Apart from the initial spells I then concentrate mostly on keeping diseases up, dumping runic power with frost strikes, and using howling blast in place of obliterate, to damage multiple mobs instead of one, all of which holds aggro well enough for me in the guild group as well as producing a handy amount of DPS. Once we pass the main streets of ever-spawning weakling zombies we romp through the instance and clear quite easily. With our priest now almost reached 80th level a second instance run is suggested, to push her to the level cap. I would be content with just the one successful run, so I can get some more drumming practice, but am happy to continue. Finding out that the suggested instance is the Oculus really ought to have changed my mind.

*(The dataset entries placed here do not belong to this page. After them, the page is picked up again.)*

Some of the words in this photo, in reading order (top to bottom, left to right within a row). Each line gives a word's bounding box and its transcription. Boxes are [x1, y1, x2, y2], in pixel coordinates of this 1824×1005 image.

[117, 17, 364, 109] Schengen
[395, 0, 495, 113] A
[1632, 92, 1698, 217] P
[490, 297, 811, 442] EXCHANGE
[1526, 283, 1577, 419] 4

I have only been to the Oculus once, with Sapphire tanking, and, upon my word, it was boring. I don't relish returning to it, the only lure being to cross it off my death knight's Northrend dungeoneer achievement list. Revisiting the instance it is a shame that I have the impression of it as being remarkably dull, because on reflection there is plenty that is interesting and challenging. The trash mobs fought conventionally are engaging enough and the two bosses fought on the ground are, to be fair, excellent encounters. The first needs good situational awareness of the entire disc in which the battle takes place, having to avoid changing electrical arcs that take time to charge, the second requiring constant movement around a ring and occasional retreats to avoid a huge blast. Both battles involve high mobility and are suitably different from other stationary fights to be worthwhile repeating for the challenge.

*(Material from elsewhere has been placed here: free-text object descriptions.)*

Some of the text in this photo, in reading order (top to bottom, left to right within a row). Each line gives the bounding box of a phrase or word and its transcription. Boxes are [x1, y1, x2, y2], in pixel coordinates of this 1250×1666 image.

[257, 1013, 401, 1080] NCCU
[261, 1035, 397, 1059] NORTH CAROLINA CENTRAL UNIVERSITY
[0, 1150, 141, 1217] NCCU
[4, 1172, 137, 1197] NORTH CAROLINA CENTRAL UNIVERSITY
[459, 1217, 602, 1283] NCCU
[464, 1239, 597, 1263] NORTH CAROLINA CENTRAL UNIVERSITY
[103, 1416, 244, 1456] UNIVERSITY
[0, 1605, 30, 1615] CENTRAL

The fun and challenging boss fights might raise the question of how I found the instance to be boring initially, and it is a good question. The problem arises when travelling between boss or minion fights, having to take flight on the back of a dragon. Or, rather, when having to fight whilst on the back of that dragon. There are more trash mobs flying between the aerial platforms and these need to be defeated with the dragons in mounted combat. This is where my experience of tanking—and presumably the same applies to DPS and healers—the many levels I have gained in learning to use two dozen or so abilities, the synergies I can exploit and the nuances involved in mitigating damage against me and maximising it towards my foes whilst maintaining a relevant amount of threat, is all bundled up and thrown out of the window in favour of repeatedly pressing one attack button until the mob falls. It's absurdly simplistic.

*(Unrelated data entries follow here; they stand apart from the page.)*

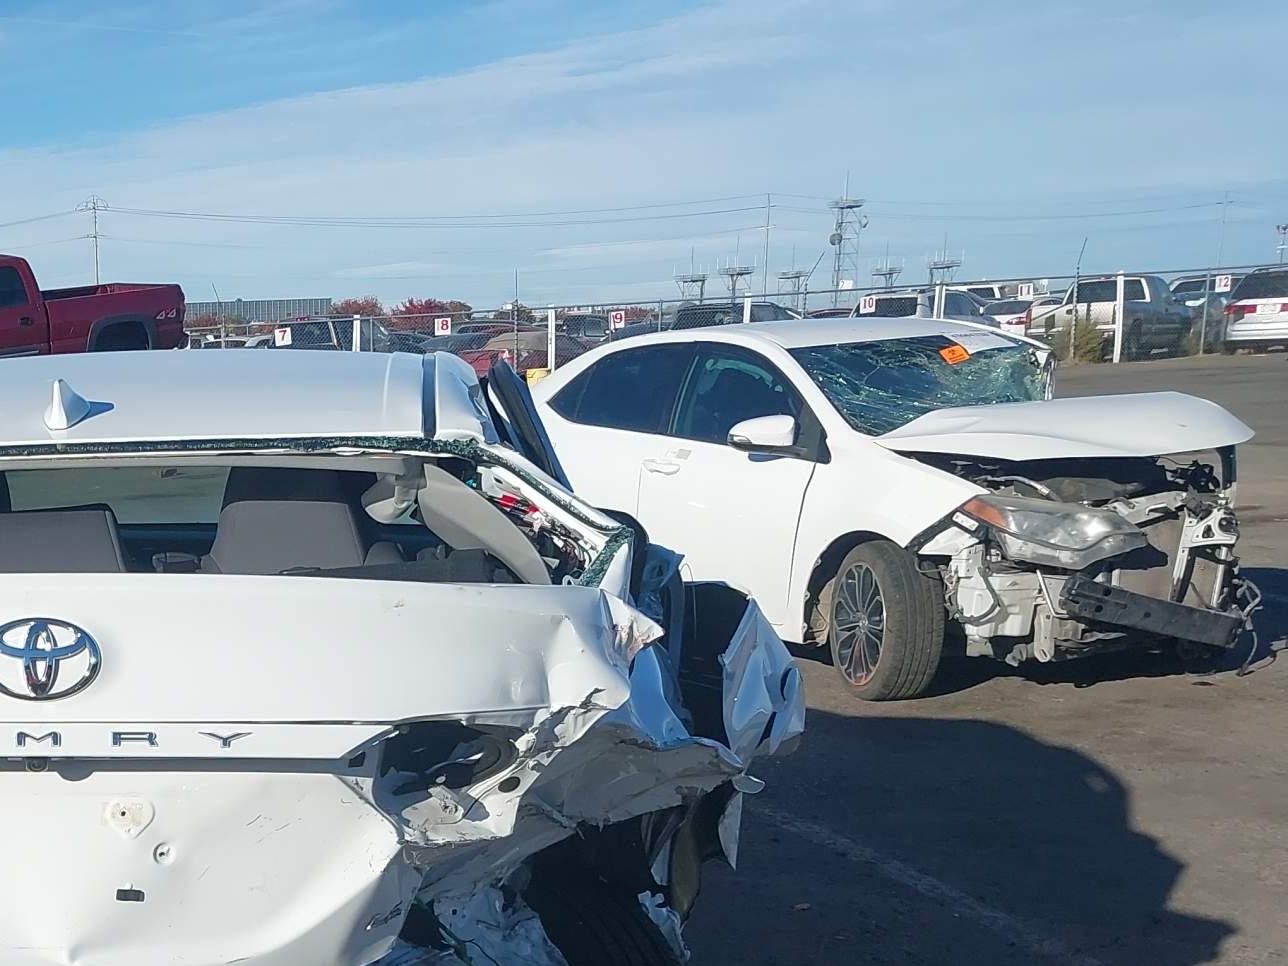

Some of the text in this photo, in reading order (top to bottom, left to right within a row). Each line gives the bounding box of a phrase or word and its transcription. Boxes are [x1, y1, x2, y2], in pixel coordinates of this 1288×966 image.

[863, 297, 874, 309] 10
[614, 312, 623, 324] 9
[440, 319, 450, 331] 8
[278, 329, 288, 342] 7
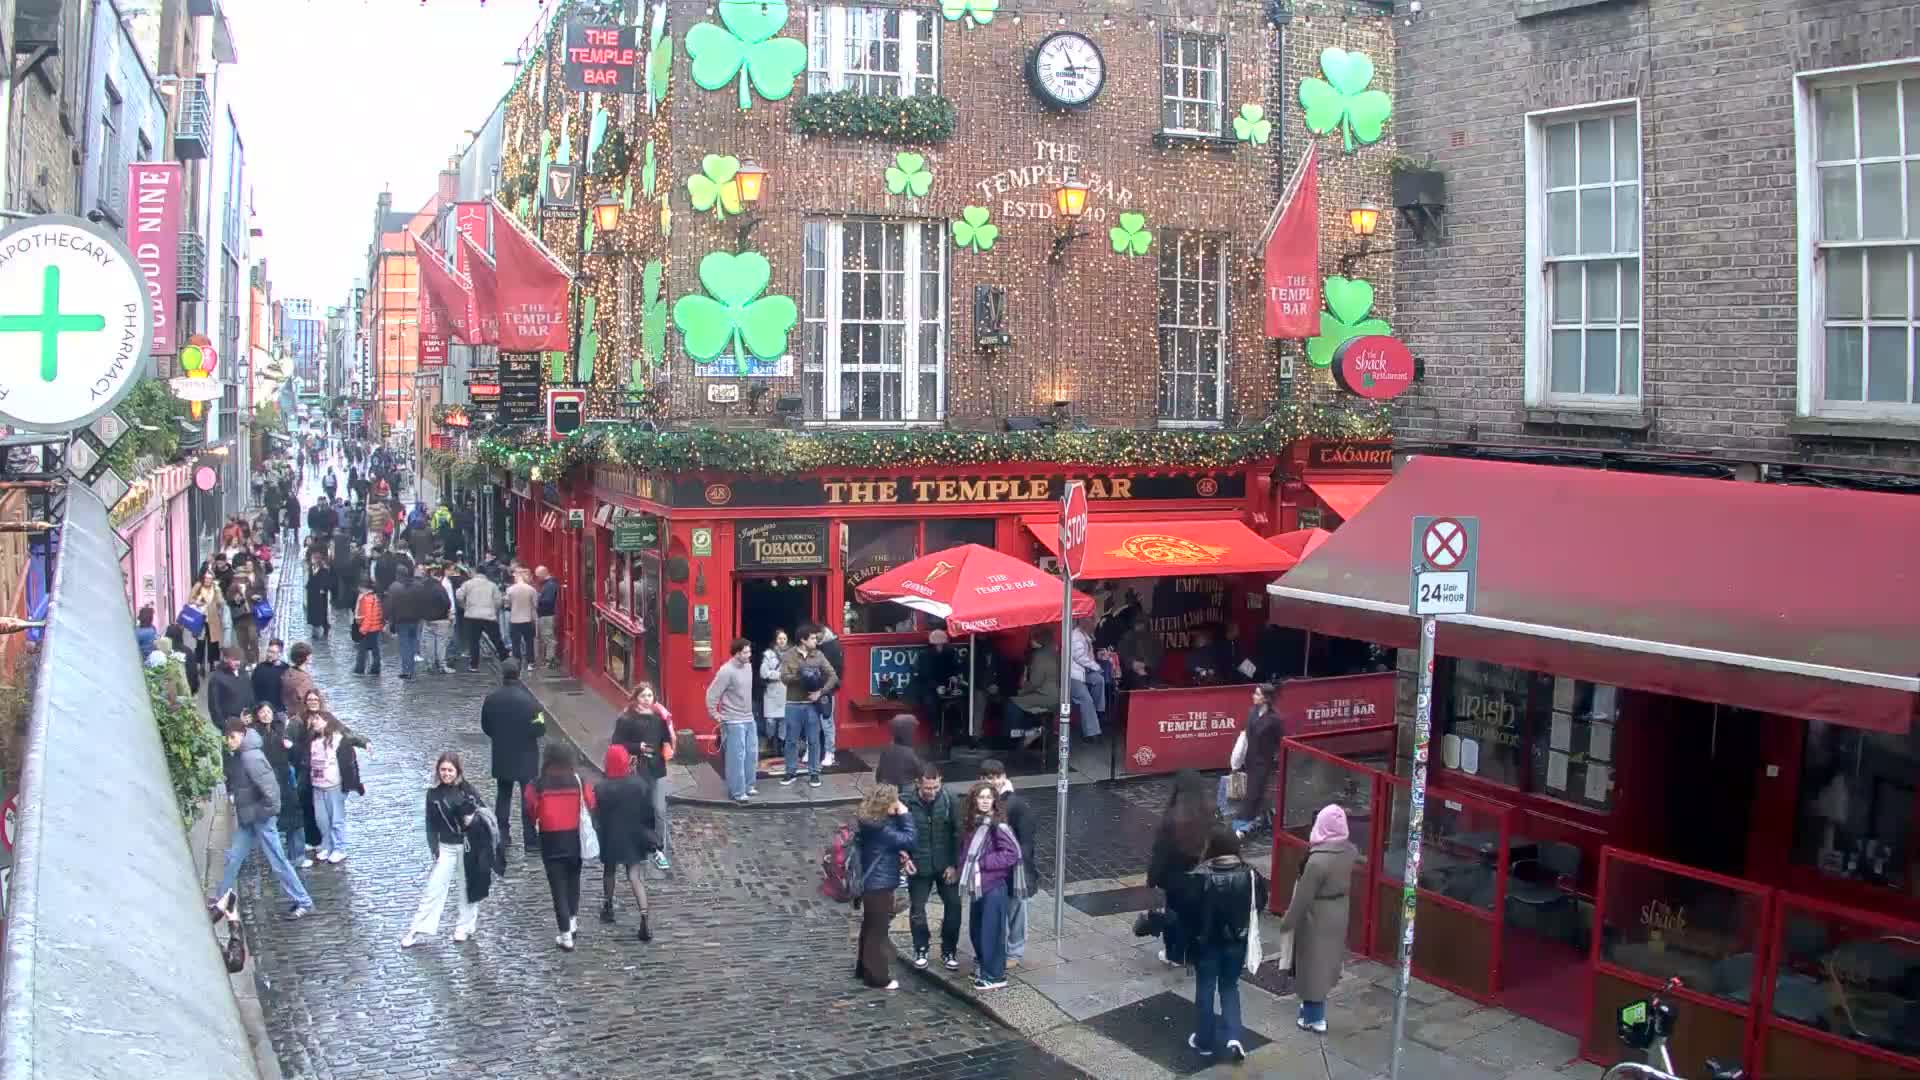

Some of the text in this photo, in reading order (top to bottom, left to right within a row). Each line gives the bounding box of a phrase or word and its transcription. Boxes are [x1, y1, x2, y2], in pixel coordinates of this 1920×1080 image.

[585, 30, 619, 46] THE
[568, 47, 634, 65] TEMPLE
[583, 69, 617, 85] BAR
[1033, 140, 1080, 162] THE
[976, 165, 1132, 209] TEMPLE BAR
[138, 171, 170, 232] NINE
[0, 232, 113, 267] APOTHECARY
[1287, 276, 1307, 285] THE
[520, 304, 545, 312] THE
[1283, 303, 1308, 315] BAR
[503, 312, 564, 324] TEMPLE
[518, 325, 550, 336] BAR
[90, 303, 137, 401] PHARMACY
[502, 353, 539, 361] TEMPLE
[511, 362, 531, 370] BAR
[1355, 350, 1387, 372] Shack
[824, 479, 1133, 503] THE TEMPLE AR
[1066, 513, 1086, 550] STOP
[750, 538, 816, 561] TOBACCO
[872, 553, 889, 561] THE
[848, 565, 892, 587] TEMPLE
[987, 574, 1008, 583] THE
[901, 580, 936, 597] GUINNESS
[974, 580, 1037, 596] TEMPLE BAR
[1420, 584, 1442, 603] 24
[1443, 594, 1465, 603] HOUR
[961, 617, 998, 630] GUINNESS
[1333, 699, 1351, 707] THE
[1187, 711, 1208, 720] THE
[1306, 703, 1376, 720] TEMPLE BAR
[1158, 717, 1236, 733] TEMPLE BAR

I understand that it is not feasible to manufacture a complex mounted combat class with even a dozen abilities that can be mastered within a couple of minutes, and is part of the reason why death knights still journey through several hours of combat to learn their basic spells and mechanics to a minimal level, but surely it must be possible to create a more dynamic fight than 'press this button'. Even when the penultimate Oculus boss is defeated and the dragons gain their 'full' powers it is only one more ability for the tank to use, and one that is a taunt of ten second duration with a ten second cool-down. It hardly takes a genius to work out the obvious—and only—tactic for the final fight, particularly as the tooltip for the taunt strongly suggests mitigating the damage with the evasion ability. You don't say.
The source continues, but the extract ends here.